_EXERCISE_.
The full set of entries below, restated word for word and stripped of images, is the expected result.

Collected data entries

----

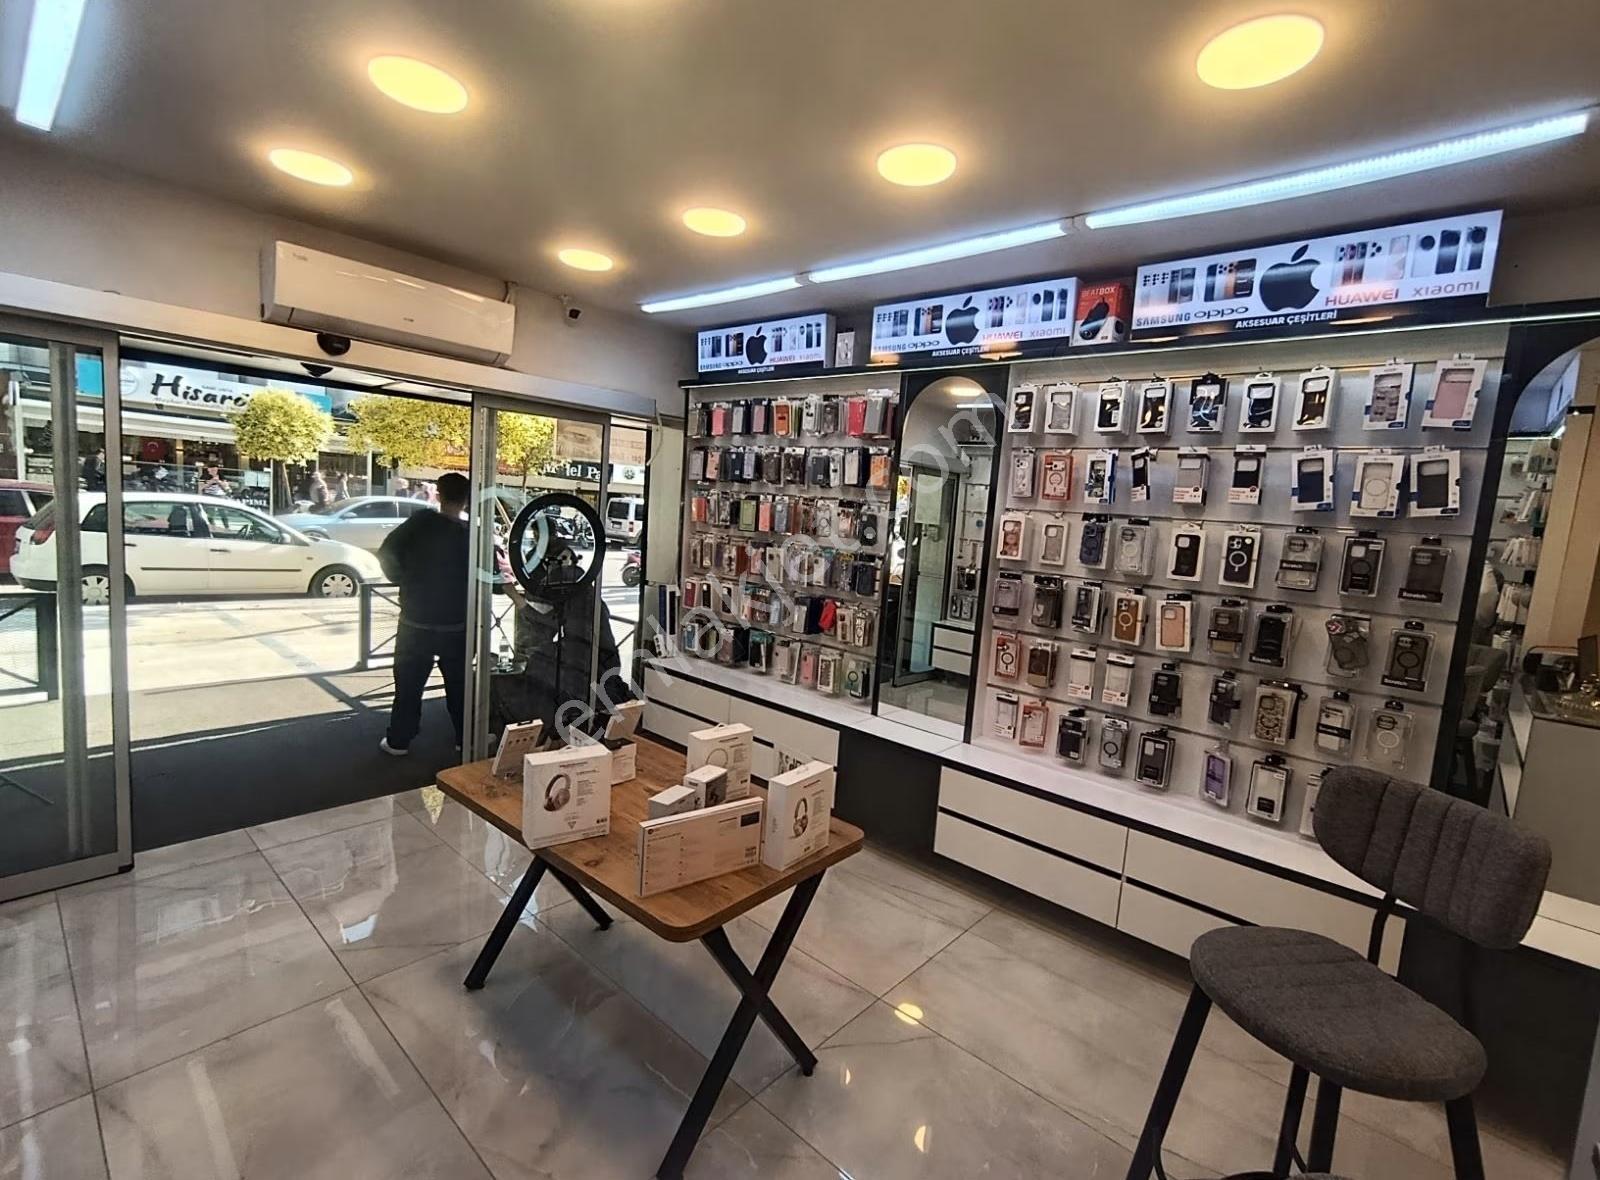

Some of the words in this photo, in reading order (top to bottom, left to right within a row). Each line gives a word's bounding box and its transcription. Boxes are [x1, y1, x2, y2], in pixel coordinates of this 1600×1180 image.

[1325, 288, 1399, 306] HUAWEI
[1136, 312, 1191, 327] SAMSUNG
[1194, 306, 1249, 319] oppo
[1235, 316, 1285, 328] AKSESUAR
[1286, 309, 1337, 325] ÇEŞİTLERİ

----

_SOLUTION TO THIS TASK_.
Some of the words in this photo, in reading order (top to bottom, left to right within a row). Each line gives a word's bounding box and its transcription. Boxes are [x1, y1, x2, y2], in pixel coordinates of this 1600×1180 image.

[1325, 288, 1399, 306] HUAWEI
[1136, 312, 1191, 327] SAMSUNG
[1194, 306, 1249, 319] oppo
[1235, 316, 1285, 328] AKSESUAR
[1286, 309, 1337, 325] ÇEŞİTLERİ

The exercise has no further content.